### Work item
Since the pictures are not wanted, copy only the text of every record exactly.

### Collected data
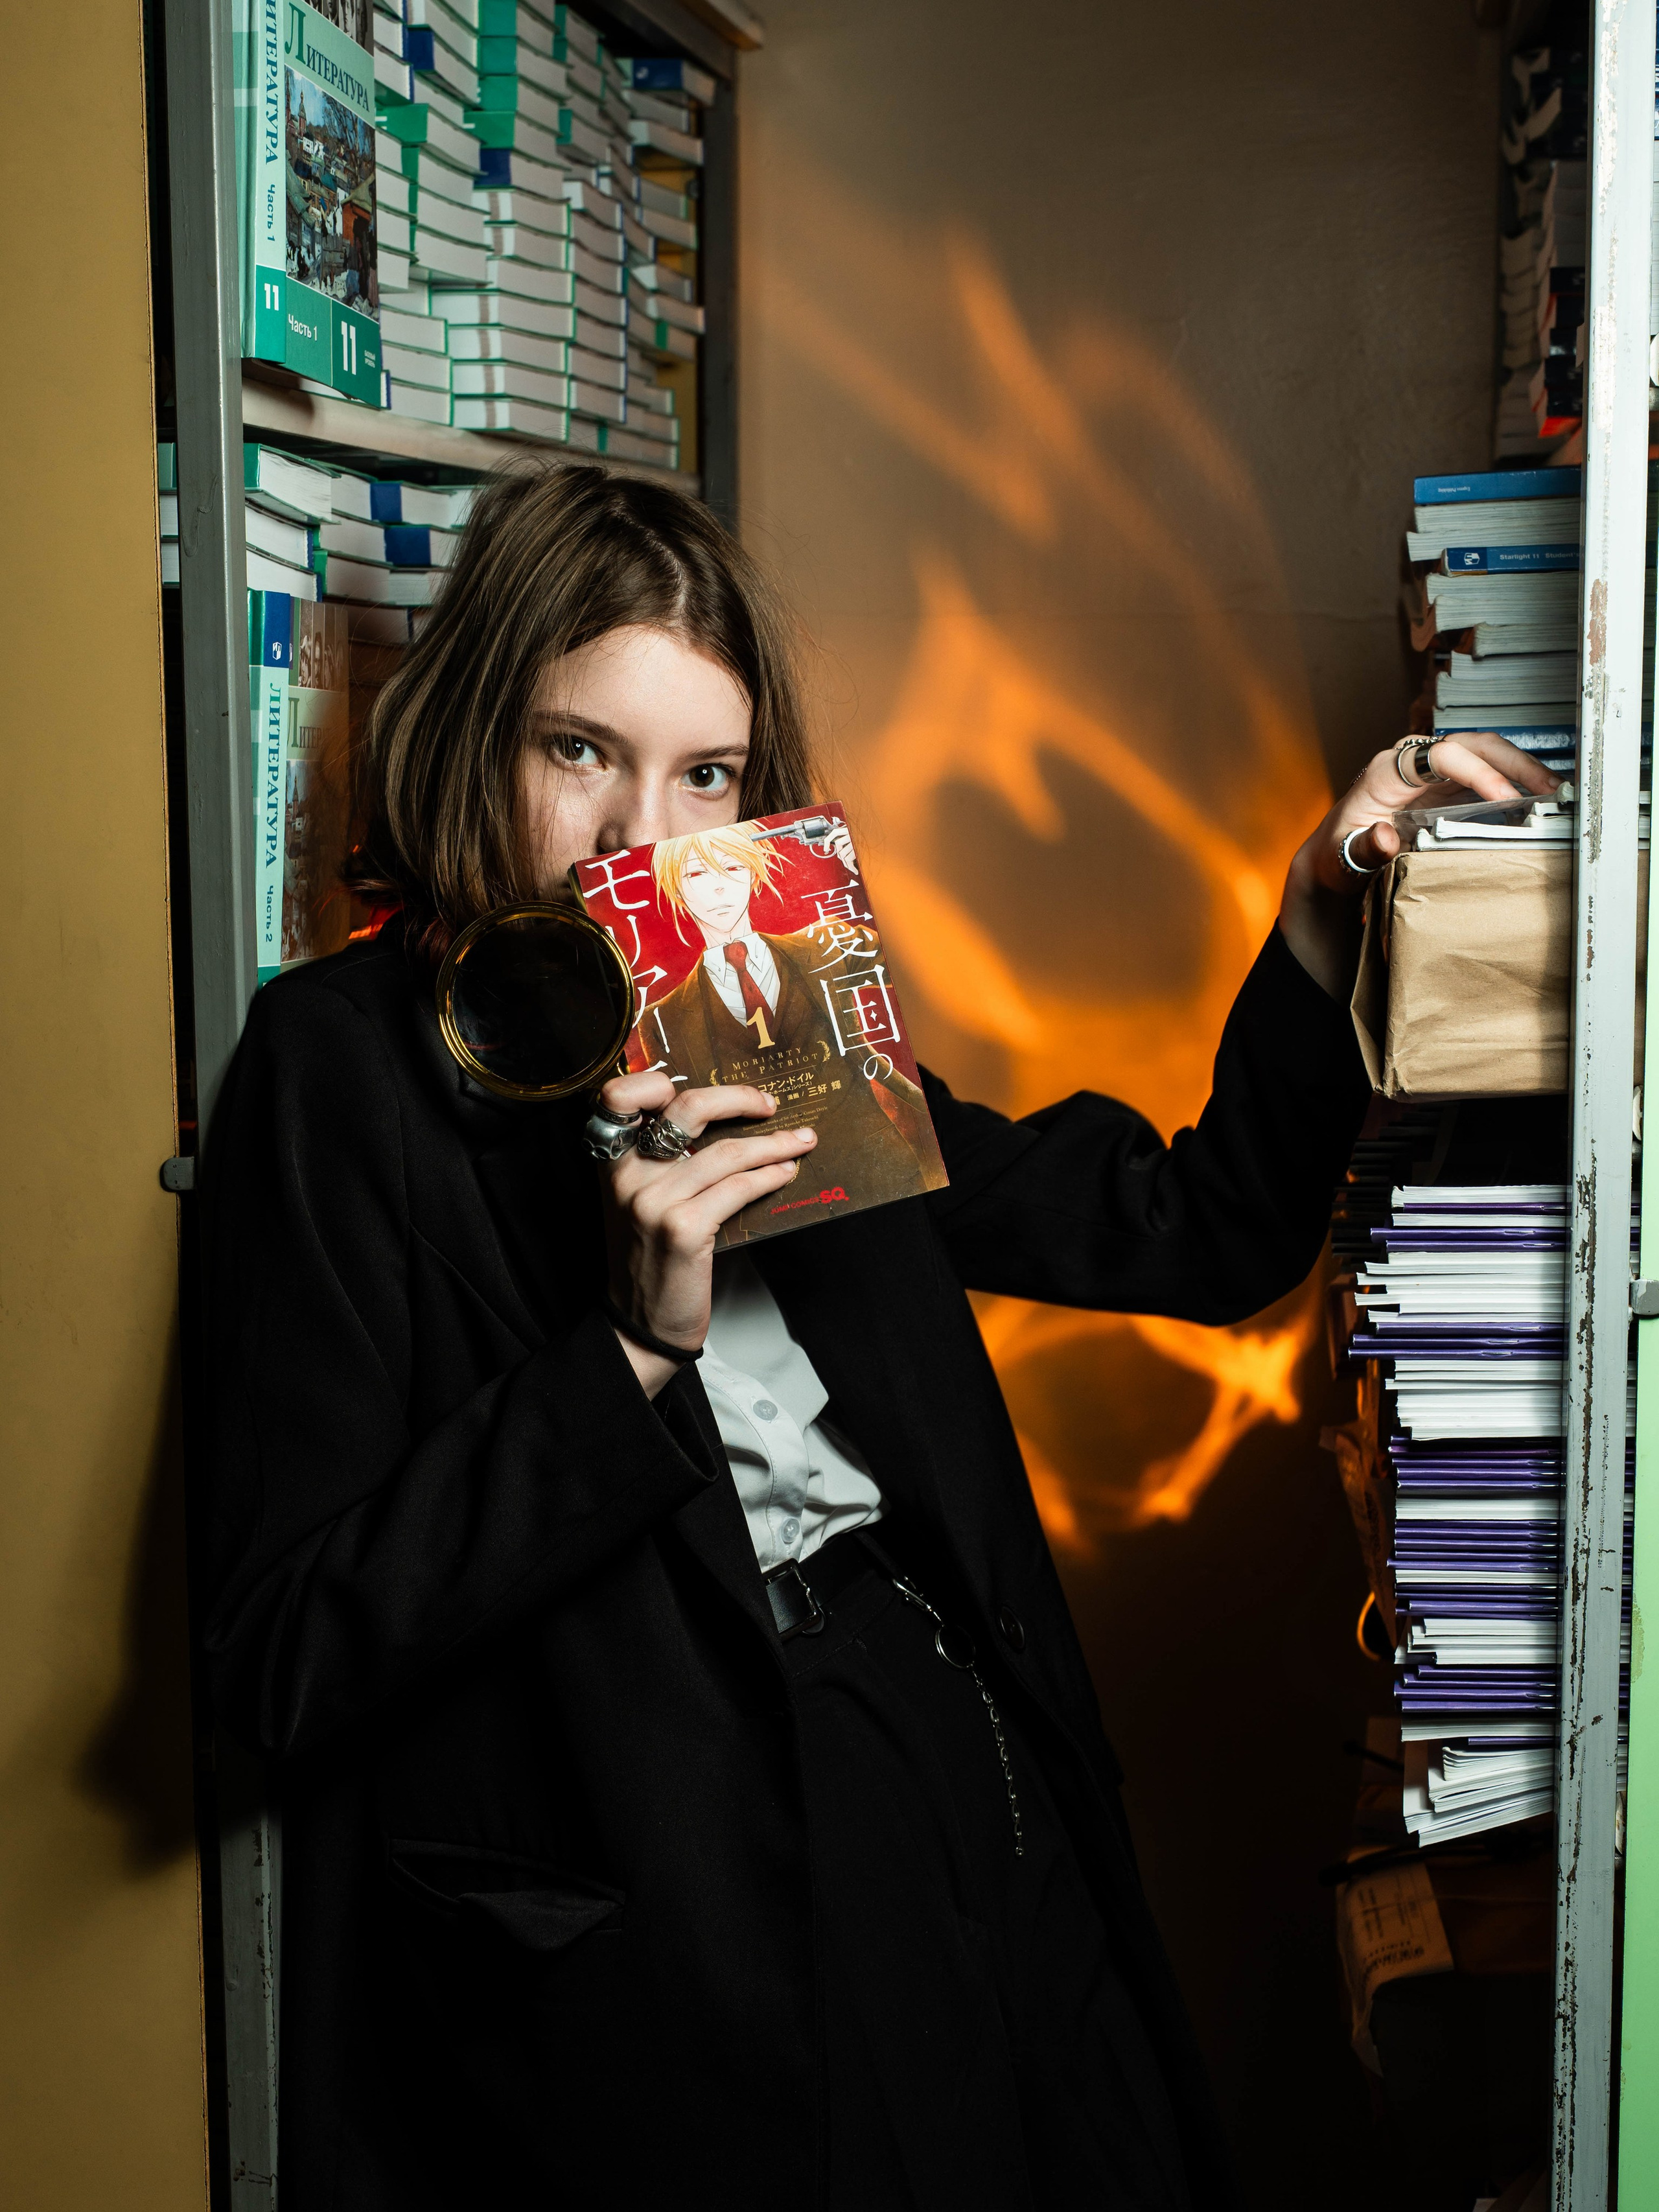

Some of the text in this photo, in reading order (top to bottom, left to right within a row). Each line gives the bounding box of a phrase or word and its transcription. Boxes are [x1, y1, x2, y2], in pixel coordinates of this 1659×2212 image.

[266, 0, 279, 165] ИТЕРАТУРА
[264, 283, 279, 311] 11
[288, 314, 318, 341] Часть 1
[341, 320, 356, 375] 11
[266, 682, 281, 869] ЛИТЕРАТУРА
[266, 933, 272, 942] 2
[583, 849, 689, 1082] モリアー
[801, 879, 901, 1080] 憂国の
[747, 1007, 776, 1049] 1
[722, 1053, 818, 1083] THE PATRIOT
[732, 1047, 802, 1071] MORIARTY

### Task response
Some of the text in this photo, in reading order (top to bottom, left to right within a row). Each line gives the bounding box of a phrase or word and its transcription. Boxes are [x1, y1, x2, y2], in pixel coordinates of this 1659×2212 image.

[266, 0, 279, 165] ИТЕРАТУРА
[264, 283, 279, 311] 11
[288, 314, 318, 341] Часть 1
[341, 320, 356, 375] 11
[266, 682, 281, 869] ЛИТЕРАТУРА
[266, 933, 272, 942] 2
[583, 849, 689, 1082] モリアー
[801, 879, 901, 1080] 憂国の
[747, 1007, 776, 1049] 1
[722, 1053, 818, 1083] THE PATRIOT
[732, 1047, 802, 1071] MORIARTY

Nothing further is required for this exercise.